Exercise directions: Print the listing that follows, character for character.

Supplied material:
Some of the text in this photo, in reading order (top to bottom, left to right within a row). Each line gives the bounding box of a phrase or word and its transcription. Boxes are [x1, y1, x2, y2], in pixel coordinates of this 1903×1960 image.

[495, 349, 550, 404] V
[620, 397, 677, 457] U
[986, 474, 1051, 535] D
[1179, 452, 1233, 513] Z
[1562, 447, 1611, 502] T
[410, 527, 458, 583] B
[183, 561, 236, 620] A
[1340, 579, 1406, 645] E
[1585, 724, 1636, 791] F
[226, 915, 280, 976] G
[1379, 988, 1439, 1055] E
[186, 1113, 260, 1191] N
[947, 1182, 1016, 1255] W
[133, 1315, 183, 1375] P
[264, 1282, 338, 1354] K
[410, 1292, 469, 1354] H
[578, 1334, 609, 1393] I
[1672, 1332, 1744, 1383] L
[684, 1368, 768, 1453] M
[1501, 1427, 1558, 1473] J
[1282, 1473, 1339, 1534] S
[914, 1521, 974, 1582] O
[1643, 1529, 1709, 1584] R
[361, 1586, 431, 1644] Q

Result below:
Some of the text in this photo, in reading order (top to bottom, left to right within a row). Each line gives the bounding box of a phrase or word and its transcription. Boxes are [x1, y1, x2, y2], in pixel coordinates of this 1903×1960 image.

[495, 349, 550, 404] V
[620, 397, 677, 457] U
[986, 474, 1051, 535] D
[1179, 452, 1233, 513] Z
[1562, 447, 1611, 502] T
[410, 527, 458, 583] B
[183, 561, 236, 620] A
[1340, 579, 1406, 645] E
[1585, 724, 1636, 791] F
[226, 915, 280, 976] G
[1379, 988, 1439, 1055] E
[186, 1113, 260, 1191] N
[947, 1182, 1016, 1255] W
[133, 1315, 183, 1375] P
[264, 1282, 338, 1354] K
[410, 1292, 469, 1354] H
[578, 1334, 609, 1393] I
[1672, 1332, 1744, 1383] L
[684, 1368, 768, 1453] M
[1501, 1427, 1558, 1473] J
[1282, 1473, 1339, 1534] S
[914, 1521, 974, 1582] O
[1643, 1529, 1709, 1584] R
[361, 1586, 431, 1644] Q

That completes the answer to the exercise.